"""

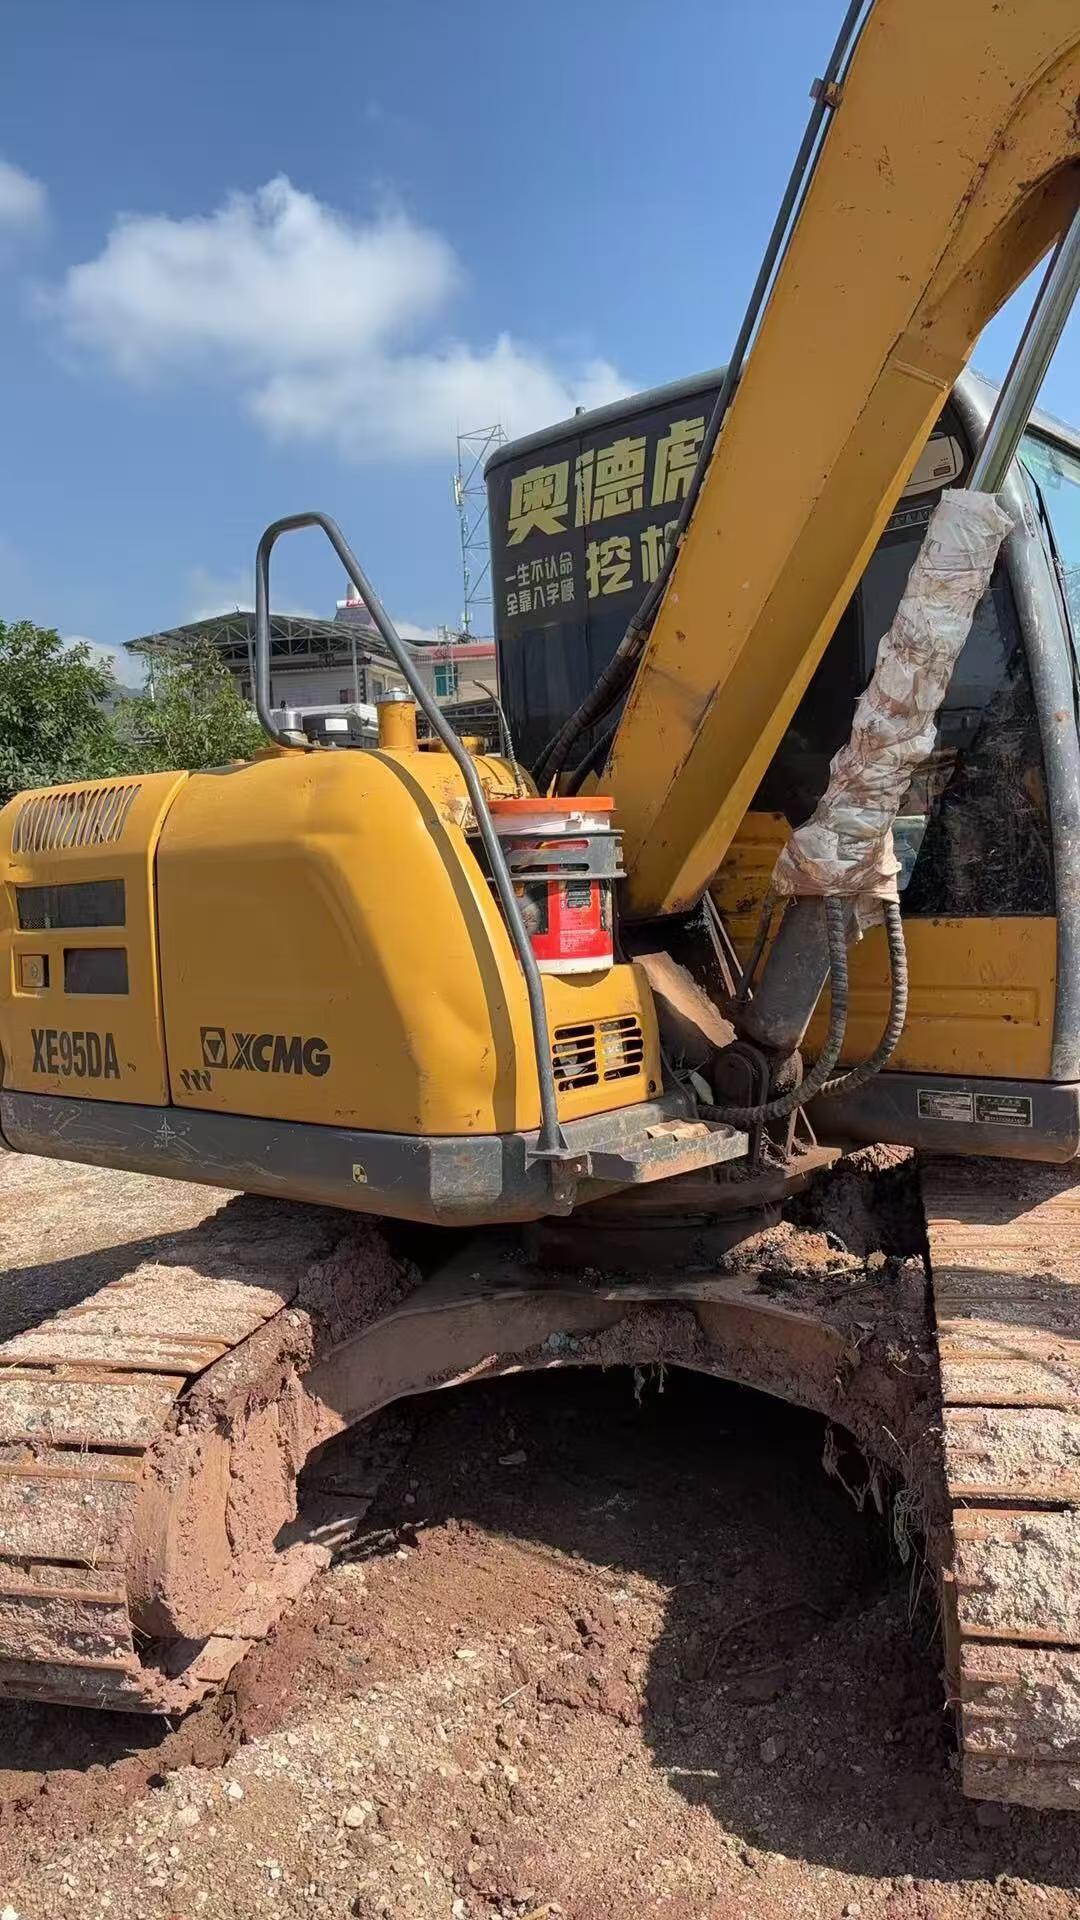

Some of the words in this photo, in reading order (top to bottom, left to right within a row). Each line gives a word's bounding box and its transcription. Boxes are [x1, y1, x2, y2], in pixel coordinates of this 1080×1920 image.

[506, 416, 704, 547] 奥德虎
[504, 551, 573, 587] 一生不认命
[506, 577, 575, 617] 全靠八字硬
[31, 1028, 121, 1079] XE95DA
[229, 1032, 331, 1077] XCMG
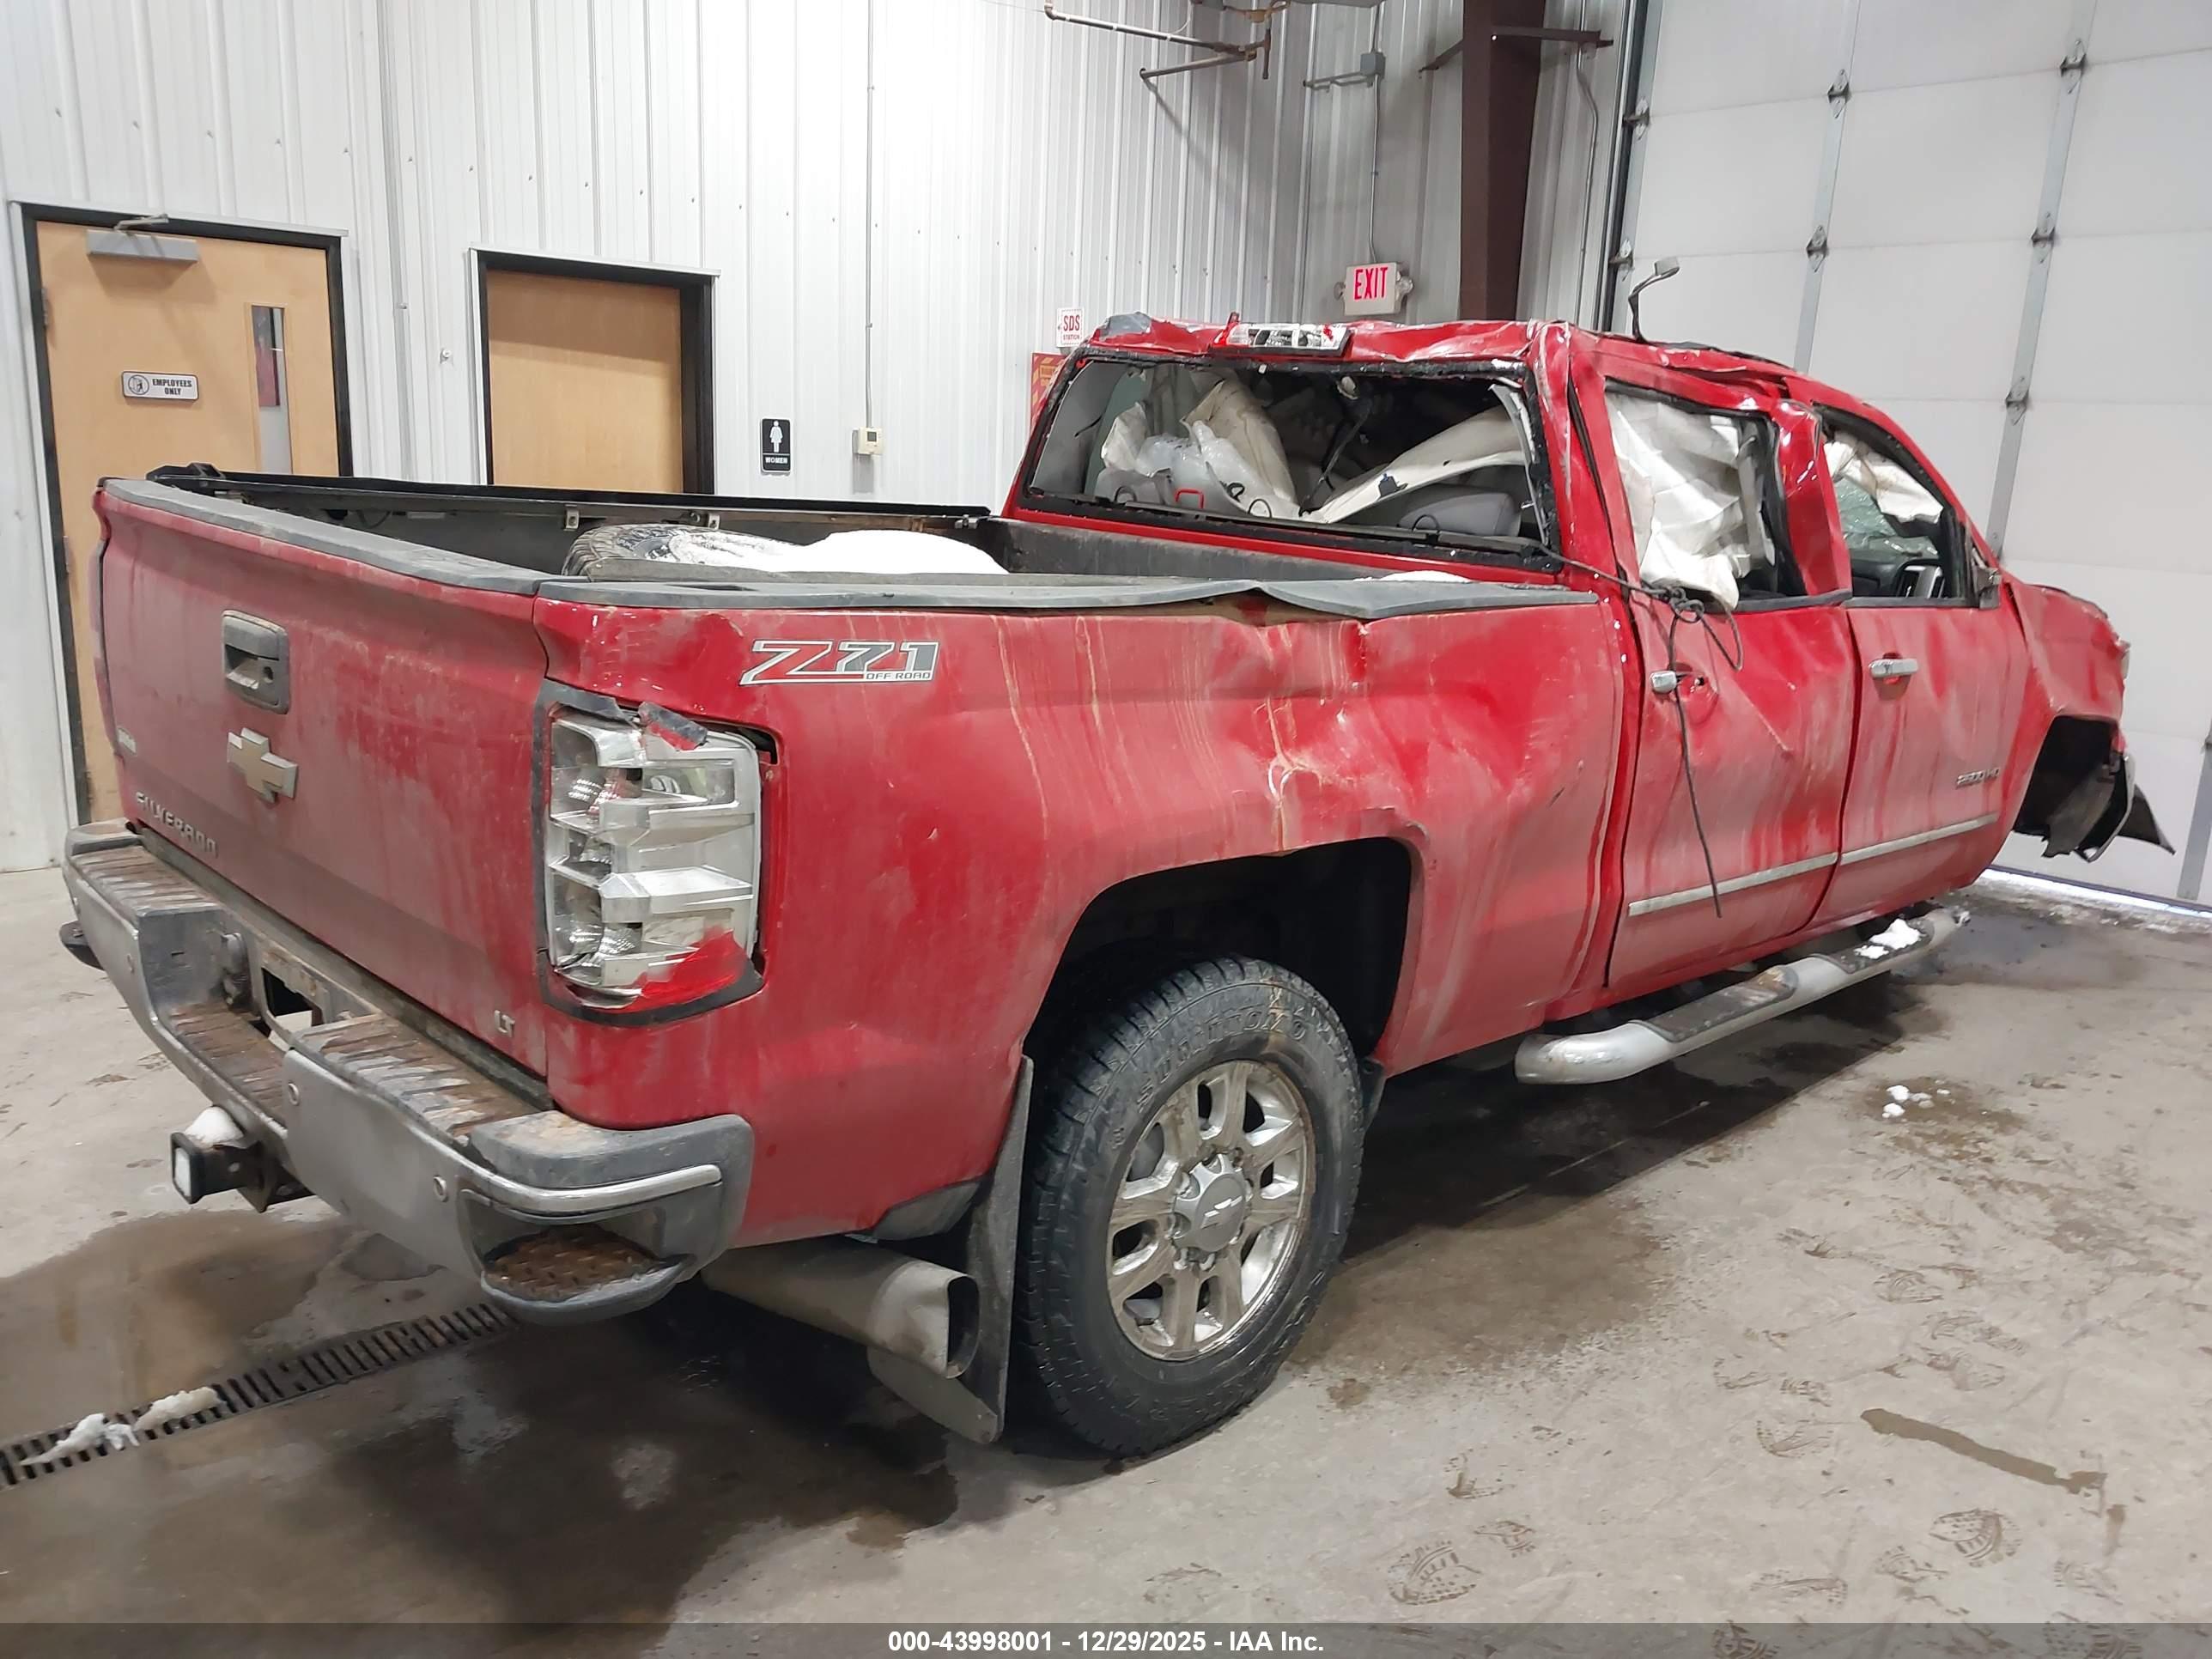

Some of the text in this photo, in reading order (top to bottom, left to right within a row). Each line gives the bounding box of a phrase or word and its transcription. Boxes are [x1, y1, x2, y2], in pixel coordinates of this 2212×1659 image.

[1354, 266, 1389, 300] EXIT
[1063, 314, 1080, 331] SDS
[152, 379, 192, 387] EMPLOYEES
[738, 640, 939, 686] Z71
[895, 672, 931, 680] ROAD
[136, 792, 218, 855] SILVERADO
[494, 1010, 515, 1037] LT

"""

**WORK INSTRUCTION**
Ignore the images and quote every line of the listing exactly.

**ANSWER BELOW**
Some of the words in this photo, in reading order (top to bottom, left to right within a row). Each line gives a word's bounding box and its transcription. Boxes are [x1, y1, x2, y2], in pixel coordinates of this 1080×1920 image.

[506, 416, 704, 547] 奥德虎
[504, 551, 573, 587] 一生不认命
[506, 577, 575, 617] 全靠八字硬
[31, 1028, 121, 1079] XE95DA
[229, 1032, 331, 1077] XCMG

Some of the text in this photo, in reading order (top to bottom, left to right within a row). Each line gives the bounding box of a phrase or word and its transcription. Boxes are [x1, y1, x2, y2], in pixel coordinates of this 2212×1659 image.

[1354, 266, 1389, 300] EXIT
[1063, 314, 1080, 331] SDS
[152, 379, 192, 387] EMPLOYEES
[738, 640, 939, 686] Z71
[895, 672, 931, 680] ROAD
[136, 792, 218, 855] SILVERADO
[494, 1010, 515, 1037] LT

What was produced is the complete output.